Later we visited lots of families in their makeshift homes. Most of them had obviously known Father Garry for many years and the welcomes were warm and sincere. As we crowded into little rooms to talk, it was nice to smell that wonderful Gleneagles soap, now in a very different setting, and to recognize the candles which provided their only light in the hours of darkness. Many of the children were obviously severely malnourished, some with swollen bellies and depigmented hair caused by kwashiorkor. They held my hands and stroked my forearms, fascinated by this enormous, very hairy white person. Some of the babies cried when they saw me and cowered into their laughing apologetic mothers.
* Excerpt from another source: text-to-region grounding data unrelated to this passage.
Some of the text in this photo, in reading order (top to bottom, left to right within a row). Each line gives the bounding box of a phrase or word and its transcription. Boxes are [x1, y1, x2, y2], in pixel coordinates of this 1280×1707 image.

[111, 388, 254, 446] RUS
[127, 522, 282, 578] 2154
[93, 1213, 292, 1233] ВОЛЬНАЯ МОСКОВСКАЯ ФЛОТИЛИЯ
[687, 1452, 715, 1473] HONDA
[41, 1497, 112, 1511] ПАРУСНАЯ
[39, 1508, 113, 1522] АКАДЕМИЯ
Later we crowded into a little makeshift chapel where Father Garry and Father Pat celebrated Mass, and the people sang with all their hearts and prayed that God would deliver them from these camps and bring them safely home to their villages. They prayed, too, for all the people in Scotland who had helped them in their time of need.
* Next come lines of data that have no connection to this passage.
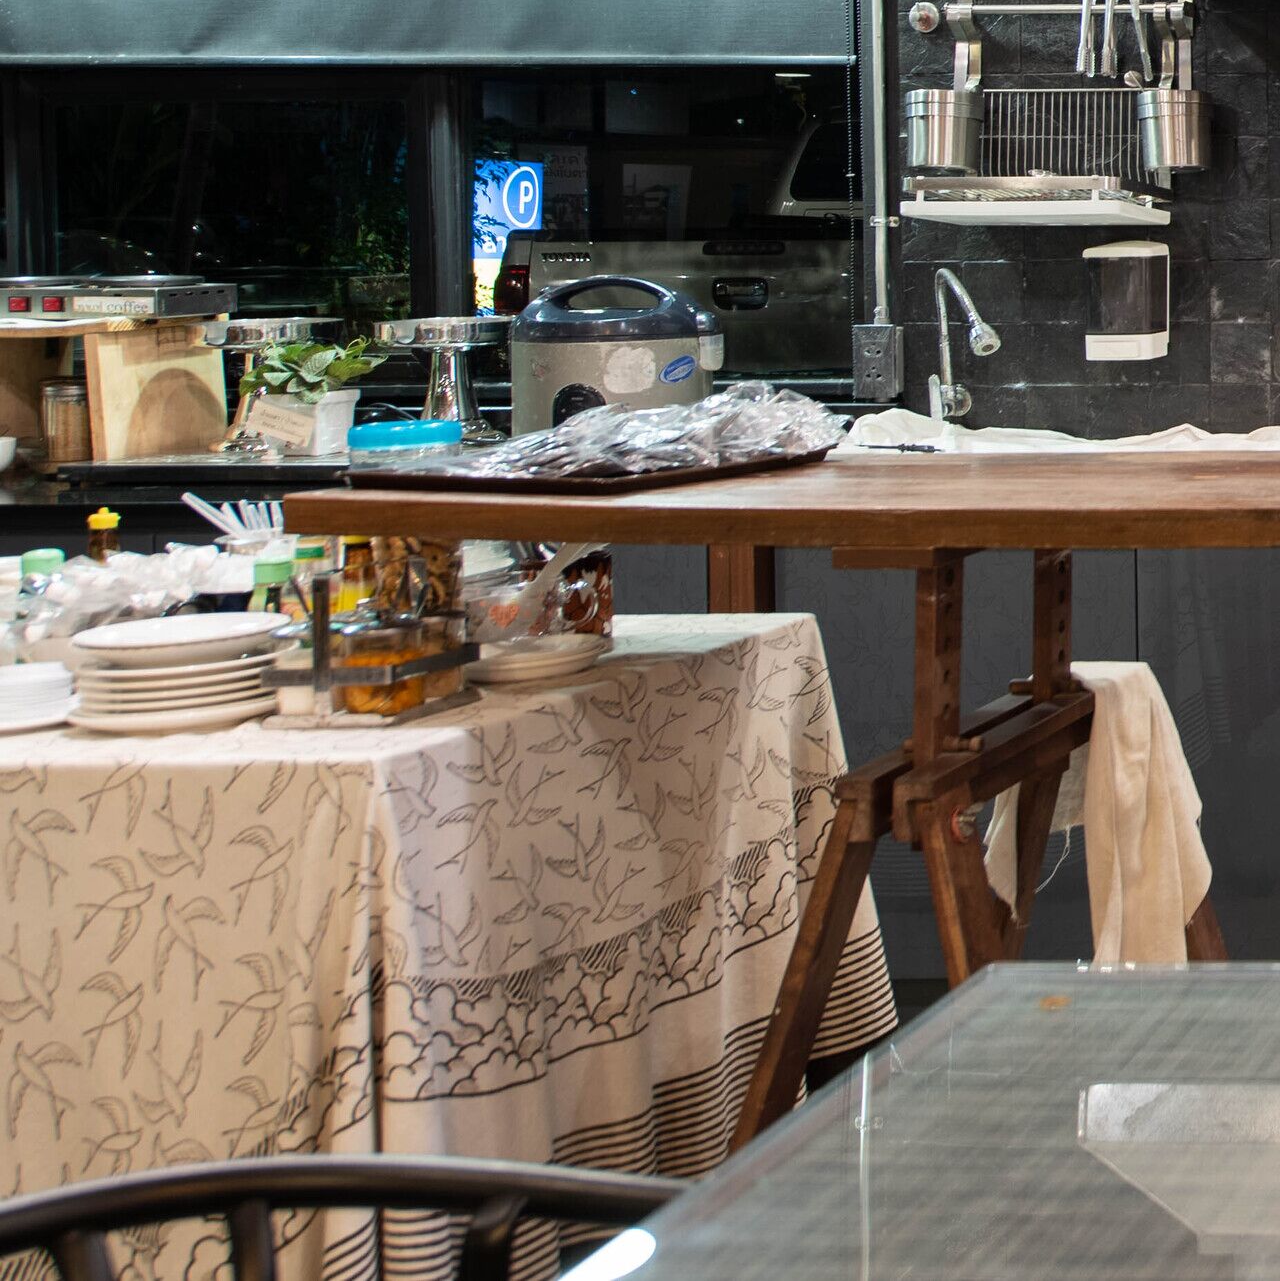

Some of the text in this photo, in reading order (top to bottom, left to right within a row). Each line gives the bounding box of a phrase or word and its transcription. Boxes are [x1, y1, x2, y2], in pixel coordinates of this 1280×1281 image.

[518, 181, 534, 214] P
[542, 252, 592, 262] TOYOTA
[107, 300, 148, 313] coffee
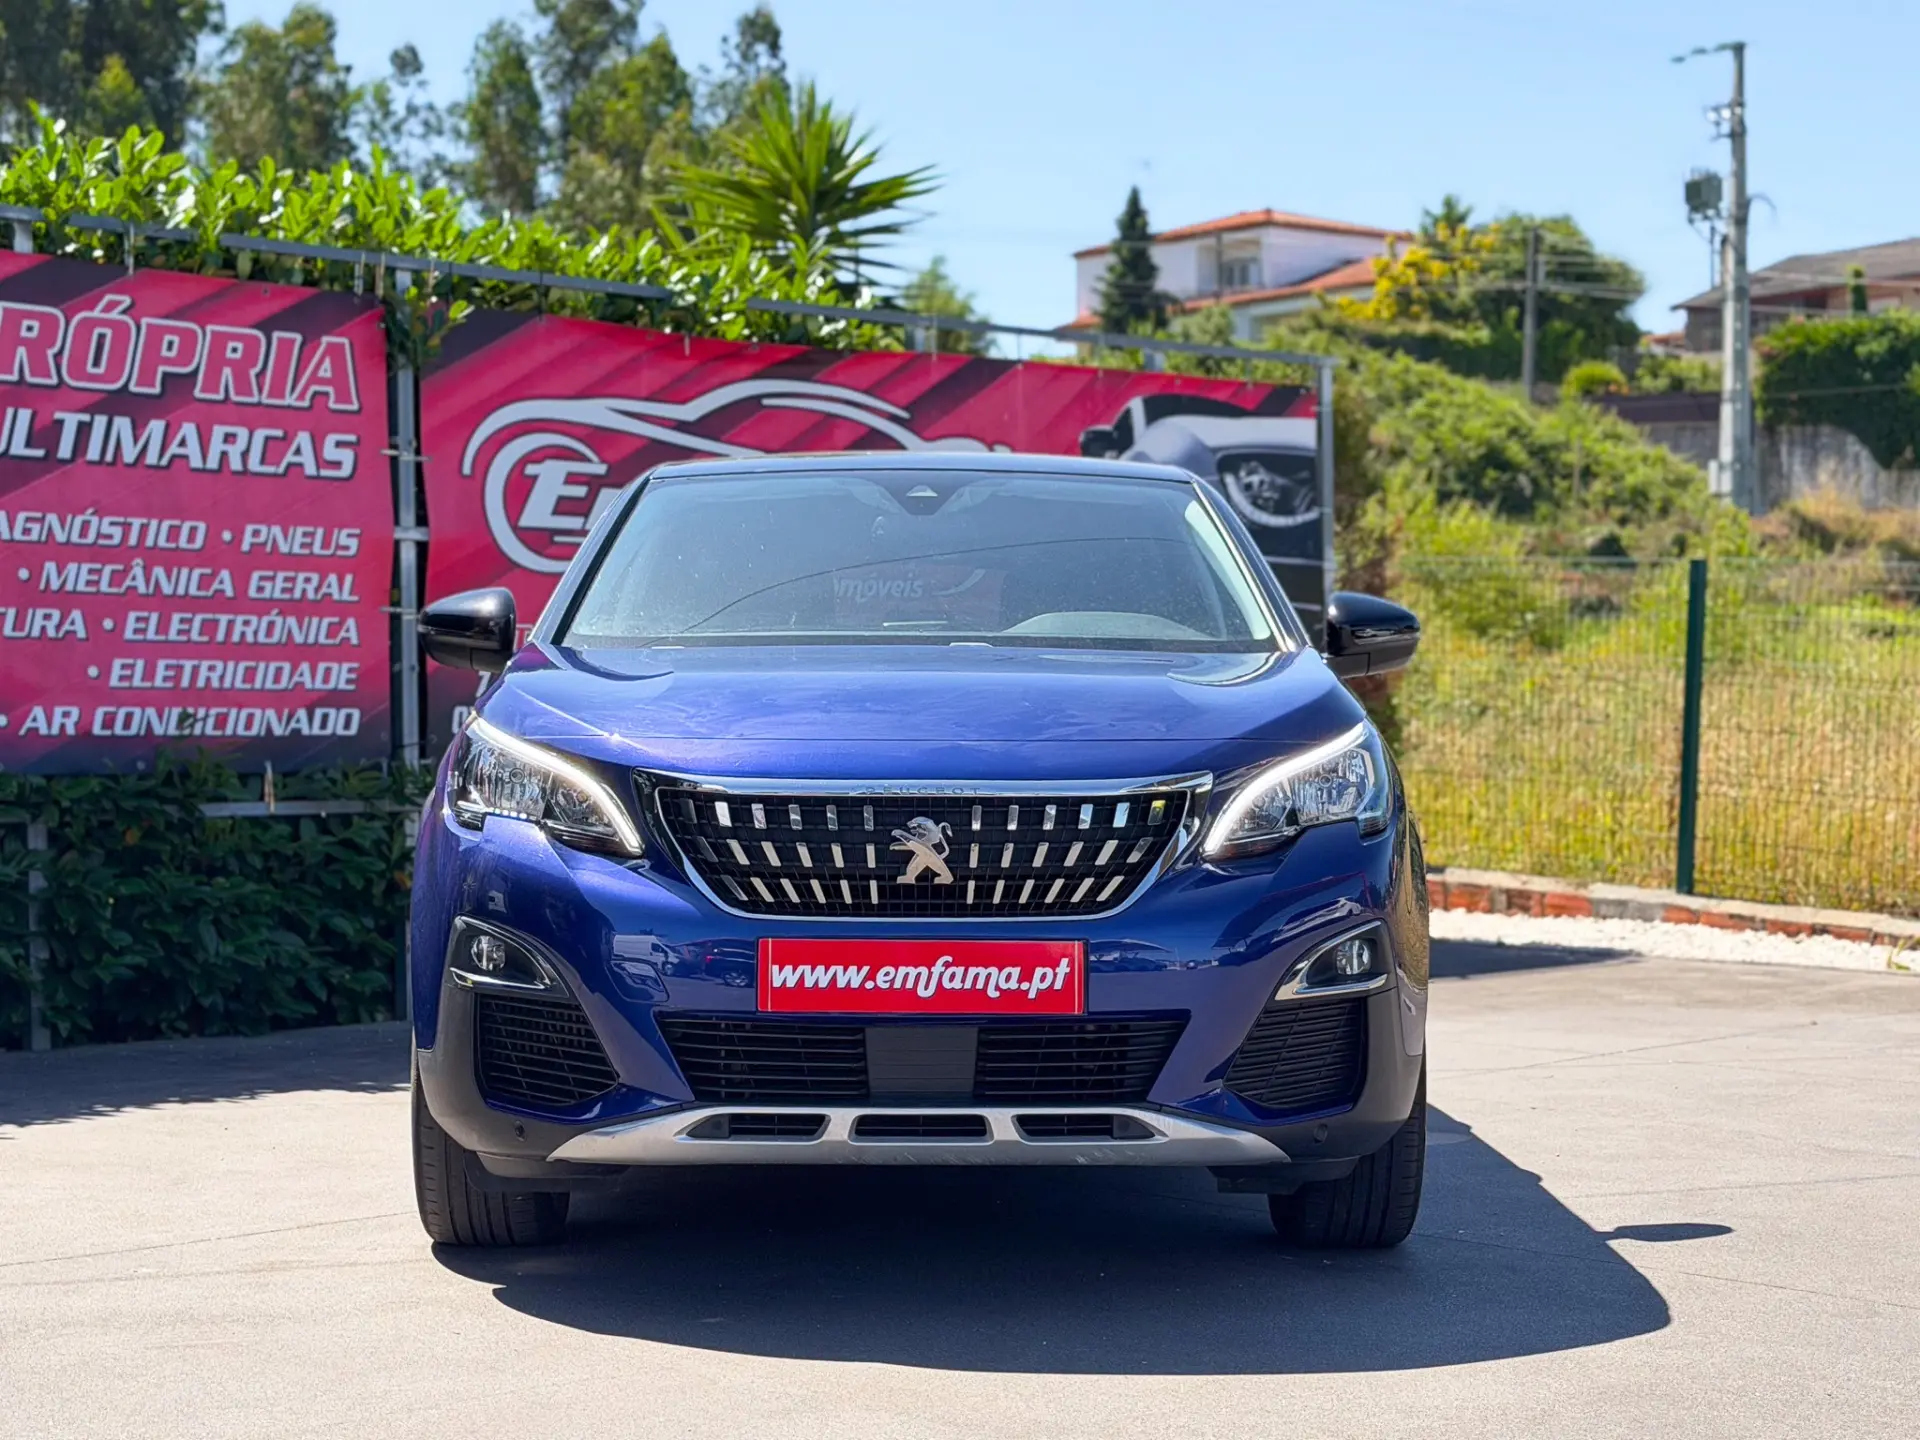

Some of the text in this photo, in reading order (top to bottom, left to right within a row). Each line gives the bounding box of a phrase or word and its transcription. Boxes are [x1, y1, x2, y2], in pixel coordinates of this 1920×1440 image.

[241, 523, 361, 557] PNEUS
[39, 558, 360, 602] MECÂNICA GERAL
[0, 606, 360, 646] URA ELECTRÓNICA
[109, 657, 360, 690] ELETRICIDADE
[18, 705, 361, 737] AR CONDICIONADO
[771, 955, 1071, 999] www.emfama.pt
Afterwards, Father Garry received news that our latest container had been released unexpectedly early from the port and was on its way to us now. Father Garry implored those around us who had heard the message not to spread this information. ‘Please be quiet about this,’ he pleaded, ‘we don’t want to distribute the contents of this container immediately as we want to be able to give it to those returning to villages in the coming weeks. We want to encourage and support people to go home to their farms, not stay here forever in these camps. For now we want to unload it into our store. So we do not want large crowds here.’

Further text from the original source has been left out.